Анна Егоровна понемногу успокаивалась, но сын уже наелся молока. И он молочными острыми зубками что было сил защемил материн опорожнённый сосок. В очах Анны Егоровны всё засверкало и провалилось от боли.

Она очнулась опять в сумрачном овраге и, скользя, деря кожу с коленей и ладоней о его талое мерцание, быстро покарабкалась наверх. Внизу страшно урчал и тяжко, судорожно воздыхал в темноте какой-то невообразимый зверь — от его-то клыков и следовало как можно дальше уйти.

Достигнув вершины оврага, Анна Егоровна оглянула близь и даль. Недалеко, разваливаясь, проходили, скрежеща полозьями, чьи-то караваны, за ними ничего уже не видно: морось, снег ли? — свет непроницаемый. И поплелась Анна Егоровна в это марево, уставленное вкривь и вкось возами, клюнувшими снег пушками, давлеными литаврами, протыканное кое-как слегами, жезлами, греческими стульчиками. Побрела, оступаясь над вмерзшими в лёд тряпками шелков, бутылками, раскроенными камеями без золотых оправ, рассыпанными шариками жемчуга подкидывающими наступающую ногу... Надо было искать сына.

На Николин день в Галич вернулась грязней грязи задохшаяся городская сотня, а точнее, полусотня от набранной осенью сотни осталась.

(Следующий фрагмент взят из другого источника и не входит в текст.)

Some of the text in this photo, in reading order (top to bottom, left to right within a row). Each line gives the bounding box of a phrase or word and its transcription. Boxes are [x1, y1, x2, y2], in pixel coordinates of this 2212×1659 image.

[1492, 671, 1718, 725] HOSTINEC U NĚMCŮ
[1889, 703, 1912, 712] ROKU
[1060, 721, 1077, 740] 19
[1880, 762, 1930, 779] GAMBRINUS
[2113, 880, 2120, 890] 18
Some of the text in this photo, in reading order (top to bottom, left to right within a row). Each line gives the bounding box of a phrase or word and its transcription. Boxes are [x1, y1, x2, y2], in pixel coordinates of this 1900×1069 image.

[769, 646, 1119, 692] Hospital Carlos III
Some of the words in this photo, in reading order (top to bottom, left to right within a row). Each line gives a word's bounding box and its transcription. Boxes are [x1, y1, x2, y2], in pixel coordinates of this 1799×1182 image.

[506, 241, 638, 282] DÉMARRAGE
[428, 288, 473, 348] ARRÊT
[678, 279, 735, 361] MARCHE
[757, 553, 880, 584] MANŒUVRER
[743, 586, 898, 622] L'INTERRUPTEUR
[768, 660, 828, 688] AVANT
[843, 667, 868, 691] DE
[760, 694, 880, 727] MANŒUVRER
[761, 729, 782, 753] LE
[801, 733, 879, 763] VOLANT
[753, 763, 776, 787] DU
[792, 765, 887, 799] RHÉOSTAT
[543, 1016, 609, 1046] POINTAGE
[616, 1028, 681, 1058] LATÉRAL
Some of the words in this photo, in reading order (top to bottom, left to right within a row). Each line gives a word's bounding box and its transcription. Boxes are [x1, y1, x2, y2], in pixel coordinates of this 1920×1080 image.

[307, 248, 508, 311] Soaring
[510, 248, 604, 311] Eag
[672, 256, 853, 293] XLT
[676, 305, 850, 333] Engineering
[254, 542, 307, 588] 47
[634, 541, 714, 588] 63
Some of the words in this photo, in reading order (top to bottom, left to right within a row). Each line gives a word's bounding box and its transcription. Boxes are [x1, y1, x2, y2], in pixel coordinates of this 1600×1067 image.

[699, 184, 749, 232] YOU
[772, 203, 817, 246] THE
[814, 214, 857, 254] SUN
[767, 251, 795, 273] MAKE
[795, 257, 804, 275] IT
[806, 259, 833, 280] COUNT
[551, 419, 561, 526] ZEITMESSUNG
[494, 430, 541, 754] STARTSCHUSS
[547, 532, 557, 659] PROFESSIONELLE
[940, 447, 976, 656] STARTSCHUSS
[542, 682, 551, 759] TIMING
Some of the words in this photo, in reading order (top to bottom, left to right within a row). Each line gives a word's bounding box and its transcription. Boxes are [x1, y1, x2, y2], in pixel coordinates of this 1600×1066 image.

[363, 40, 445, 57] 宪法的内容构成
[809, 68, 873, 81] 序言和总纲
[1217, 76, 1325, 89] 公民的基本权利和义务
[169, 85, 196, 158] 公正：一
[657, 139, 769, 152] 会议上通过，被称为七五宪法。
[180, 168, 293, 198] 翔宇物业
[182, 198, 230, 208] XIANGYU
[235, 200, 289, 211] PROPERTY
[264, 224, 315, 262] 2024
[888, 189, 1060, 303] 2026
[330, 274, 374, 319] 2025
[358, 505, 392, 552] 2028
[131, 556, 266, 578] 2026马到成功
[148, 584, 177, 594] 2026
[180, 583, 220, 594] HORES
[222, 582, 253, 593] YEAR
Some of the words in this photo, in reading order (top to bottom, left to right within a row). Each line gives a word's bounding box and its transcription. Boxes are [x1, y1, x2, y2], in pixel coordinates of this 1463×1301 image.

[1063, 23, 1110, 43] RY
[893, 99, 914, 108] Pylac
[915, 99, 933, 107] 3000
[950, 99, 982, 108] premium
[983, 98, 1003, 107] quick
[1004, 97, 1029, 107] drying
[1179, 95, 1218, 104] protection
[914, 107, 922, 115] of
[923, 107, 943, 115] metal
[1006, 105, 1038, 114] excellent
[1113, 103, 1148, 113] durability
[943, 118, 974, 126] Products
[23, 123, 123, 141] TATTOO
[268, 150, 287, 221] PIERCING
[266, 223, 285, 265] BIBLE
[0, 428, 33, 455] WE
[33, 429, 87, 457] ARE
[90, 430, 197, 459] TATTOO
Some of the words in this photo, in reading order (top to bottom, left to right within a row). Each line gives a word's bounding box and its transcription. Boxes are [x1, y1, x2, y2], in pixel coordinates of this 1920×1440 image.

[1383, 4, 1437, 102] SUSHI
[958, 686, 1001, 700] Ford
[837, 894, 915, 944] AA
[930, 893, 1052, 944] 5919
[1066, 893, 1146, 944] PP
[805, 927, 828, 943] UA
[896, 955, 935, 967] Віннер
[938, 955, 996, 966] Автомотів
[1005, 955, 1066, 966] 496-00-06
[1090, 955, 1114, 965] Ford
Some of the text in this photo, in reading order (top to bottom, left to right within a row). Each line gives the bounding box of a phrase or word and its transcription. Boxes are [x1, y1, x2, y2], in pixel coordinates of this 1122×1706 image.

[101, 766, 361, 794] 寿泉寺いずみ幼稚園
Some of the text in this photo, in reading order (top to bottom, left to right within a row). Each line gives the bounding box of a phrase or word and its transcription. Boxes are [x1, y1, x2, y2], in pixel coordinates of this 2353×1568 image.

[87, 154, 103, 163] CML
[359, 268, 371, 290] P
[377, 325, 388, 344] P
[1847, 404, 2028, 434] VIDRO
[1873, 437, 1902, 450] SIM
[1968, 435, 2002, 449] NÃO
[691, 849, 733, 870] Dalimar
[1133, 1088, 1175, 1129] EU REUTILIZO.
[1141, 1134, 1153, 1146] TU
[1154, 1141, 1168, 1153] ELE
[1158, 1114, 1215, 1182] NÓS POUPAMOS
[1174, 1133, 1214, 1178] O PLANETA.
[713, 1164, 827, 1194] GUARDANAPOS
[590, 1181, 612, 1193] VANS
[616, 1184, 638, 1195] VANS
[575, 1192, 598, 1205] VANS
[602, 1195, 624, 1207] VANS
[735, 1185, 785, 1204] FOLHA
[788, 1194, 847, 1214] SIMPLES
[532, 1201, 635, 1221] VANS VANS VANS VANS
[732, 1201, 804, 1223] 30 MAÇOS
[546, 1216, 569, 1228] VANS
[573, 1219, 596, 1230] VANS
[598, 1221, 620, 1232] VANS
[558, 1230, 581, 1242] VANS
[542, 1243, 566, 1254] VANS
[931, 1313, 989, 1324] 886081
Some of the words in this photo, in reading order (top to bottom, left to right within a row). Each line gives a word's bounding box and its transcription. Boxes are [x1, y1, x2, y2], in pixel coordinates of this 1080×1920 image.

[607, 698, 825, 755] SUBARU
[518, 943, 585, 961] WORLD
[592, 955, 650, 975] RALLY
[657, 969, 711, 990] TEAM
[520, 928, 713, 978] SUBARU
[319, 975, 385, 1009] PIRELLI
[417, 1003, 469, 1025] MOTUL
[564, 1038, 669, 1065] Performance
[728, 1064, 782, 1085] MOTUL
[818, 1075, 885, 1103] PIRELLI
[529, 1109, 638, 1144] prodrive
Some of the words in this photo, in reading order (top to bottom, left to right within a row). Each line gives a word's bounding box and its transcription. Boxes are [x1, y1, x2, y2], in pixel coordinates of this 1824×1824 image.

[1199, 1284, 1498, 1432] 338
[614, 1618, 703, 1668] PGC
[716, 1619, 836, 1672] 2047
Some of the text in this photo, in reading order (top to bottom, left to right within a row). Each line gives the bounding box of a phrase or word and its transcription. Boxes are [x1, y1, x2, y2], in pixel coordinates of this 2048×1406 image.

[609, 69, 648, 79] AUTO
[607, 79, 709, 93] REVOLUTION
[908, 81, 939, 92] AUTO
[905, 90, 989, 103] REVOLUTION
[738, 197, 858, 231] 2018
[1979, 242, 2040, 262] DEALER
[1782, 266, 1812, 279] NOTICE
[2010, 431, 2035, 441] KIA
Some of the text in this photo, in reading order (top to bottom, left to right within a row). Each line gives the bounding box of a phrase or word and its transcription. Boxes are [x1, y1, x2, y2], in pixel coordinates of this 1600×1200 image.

Матери и жёны непришедших воинов уже хотели выть, но прибывшие им вовремя растолковали преждевременность такой печали, объяснив, что все их пятьдесят целы и невредимы и даже не пленены — все они доброй волею передались противнику.

Немногословны и уклончивы даже со своими родными были ополченцы-беглецы, Анна же Егоровна Отрепьева и тех загадочных их ответов на общий спрос не слыхала. Зато она ясно услышала внезапное молчание Церкви о сыне. Молоденький причетник спел всю литургию строго по благословенному канону, без привнесения тщеты и злобы нового дня.

Прежний дьякон, теперь кутающий шею в изумрудный плат, но временами только невнятно похрипывал и мерцал брусничными белками из-за престола с Сионом и жертвенника на прихожан.

Ни жива ни мертва Анна Егоровна, что ни утро, ожидала превеликого молебна в честь победы Годуновых над врагами — теми самыми, с которыми был и её сын, но так и не дождавшись, на ночь оставалась в той же жизни.

Вскоре голосок псаломщика-мальчишки отвердел, и двух недель со дня прибытия беглого войска не минуло, как он собрался с геройством и выкинул «многая лета» вместо «Феодора Борисовича» «обретённому царством наследным Дмитрию Иоанновичу — приобретшему кровные земли своя, дедич и отчич!..».

Наперво благовест срединного собора подёрнул волглый Галич расходящимися, матовыми от неохотной дрожи, кольцами. Прозрачно вмешались и поговорили по очереди все, до малейшего, била, потом по неявному знаку, одномгновенно «во все тяжкие» ударились вместе, и пошёл трезвон!..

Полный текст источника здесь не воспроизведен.